É notório perceber na obra de Foucault que no século XVIII, os corpos passam a ser objeto e alvo de poder tanto na esfera pública quanto na esfera privada e também em lugares que nem poderíamos citar como um ou outro (igrejas e escolas, por exemplo). Nas escolas, perceberemos com o avanço da Revolução Industrial, uma modificação espacial nas salas de aula e a divisão das tarefas entre alunos mais adiantados e os que estão na fase inicial. O objeto que pode regular o tempo também é o relógio exposto no alto das salas e o sino que toca para avisar quando uma aula termina e quando outra deve começar. Os alunos posicionados em fileiras, um de costas para o outro e todos escutando o professor e obedientes a ele. Caso ocorresse algum tipo de comportamento inadequado dentro de sala (conversas e risos, por exemplo), os professores poderiam “punir” seus alunos com castigos, alguns até físicos. Para evitar este tipo de medida drástica (a palmatória, por exemplo), alguns professores selecionavam os alunos mais adiantados ou mais inteligentes para fiscalizar outros alunos, fazendo assim com que não houvesse desperdício de tempo. Vejamos o que Foucault escreveu:

“Mas é sem dúvida no ensino primário que esse ajustamento das cronologias diferentes será mais útil. Do século XVII até a introdução, no começo do XIX, do método Lancaster, o mecanismo complexo da escola  mútua se construirá uma engrenagem depois da outra: confiaram-se primeiro aos alunos mais velhos tarefas de simples fiscalização, depois de controle do trabalho, em seguida, de ensino; e então no fim das contas, todo o tempo de todos os alunos estava ocupado seja ensinando seja aprendendo. A escola torna-se um aparelho de aprender onde cada aluno, cada nível e cada momento, se estão combinados como deve ser, são permanentemente utilizados no processo geral de ensino.”[5]

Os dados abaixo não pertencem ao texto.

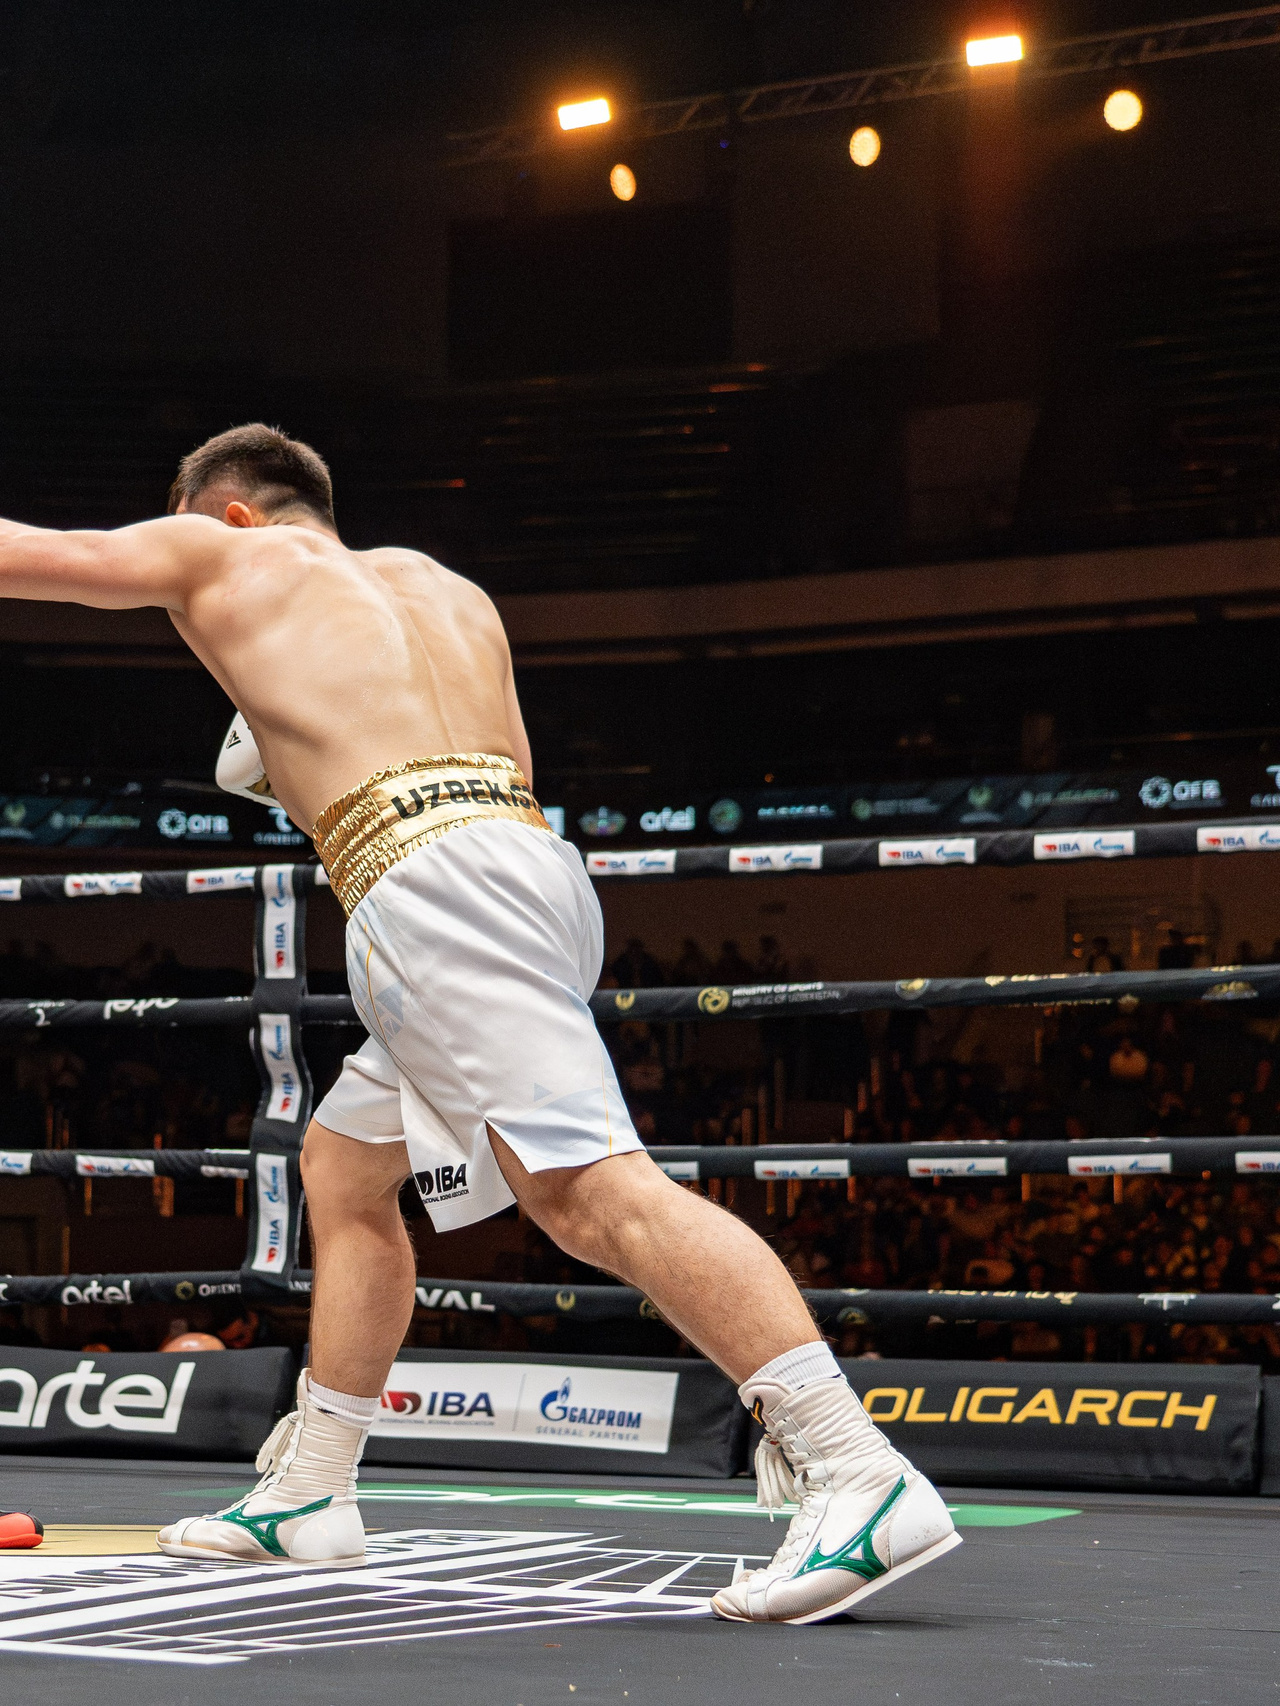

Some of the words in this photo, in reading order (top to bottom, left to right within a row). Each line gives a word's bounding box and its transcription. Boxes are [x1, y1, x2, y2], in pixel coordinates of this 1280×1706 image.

Sendo assim, tanto os operários nas fábricas quanto os alunos nas escolas eram controlados por aqueles que exerciam o poder sobre seus imaginários. Tanto o discurso dos patrões quanto dos professores e o medo de serem punidos caso tivessem um comportamento inadequado, fazia com que trabalhadores e alunos obedecessem a uma padronização de seus comportamentos, ou seja, divididos em série nos seus espaços (fábricas e escolas), hierarquizados pelas suas funções e/ou habilidades, obedecendo ao ritmo do relógio posto no alto de cada espaço, sendo vigiados por seus colegas ou por seus superiores.
O importante também é ressaltar que Foucault se refere a uma dominação no sentido vertical, mas de cima para baixo. Os patrões e os mestres exemplificados aqui exerciam o controle sobre seus subordinados. Já Baczko fala de uma dominação mais ampla, isto quer dizer que os próprios trabalhadores ou os alunos poderiam exercer certo poder sobre seus superiores, como por exemplo: os trabalhadores diante de suas péssimas condições de trabalho iriam exigir leis que possam garantir mais segurança ou se aliavam a grupos sindicais. Na escola, não só os alunos se negariam a estas práticas mecânicas de aprendizado, mas os próprios professores optariam por outras formas de ensino em que os educandos participassem mais das aulas ao invés apenas de serem receptores de informações.
Com isso, ressaltamos mais uma vez, que quem controla o imaginário de um indivíduo, exerce o poder sobre ele e este exercício de poder normatiza ou direciona o que seria um comportamento social aceitável ou não.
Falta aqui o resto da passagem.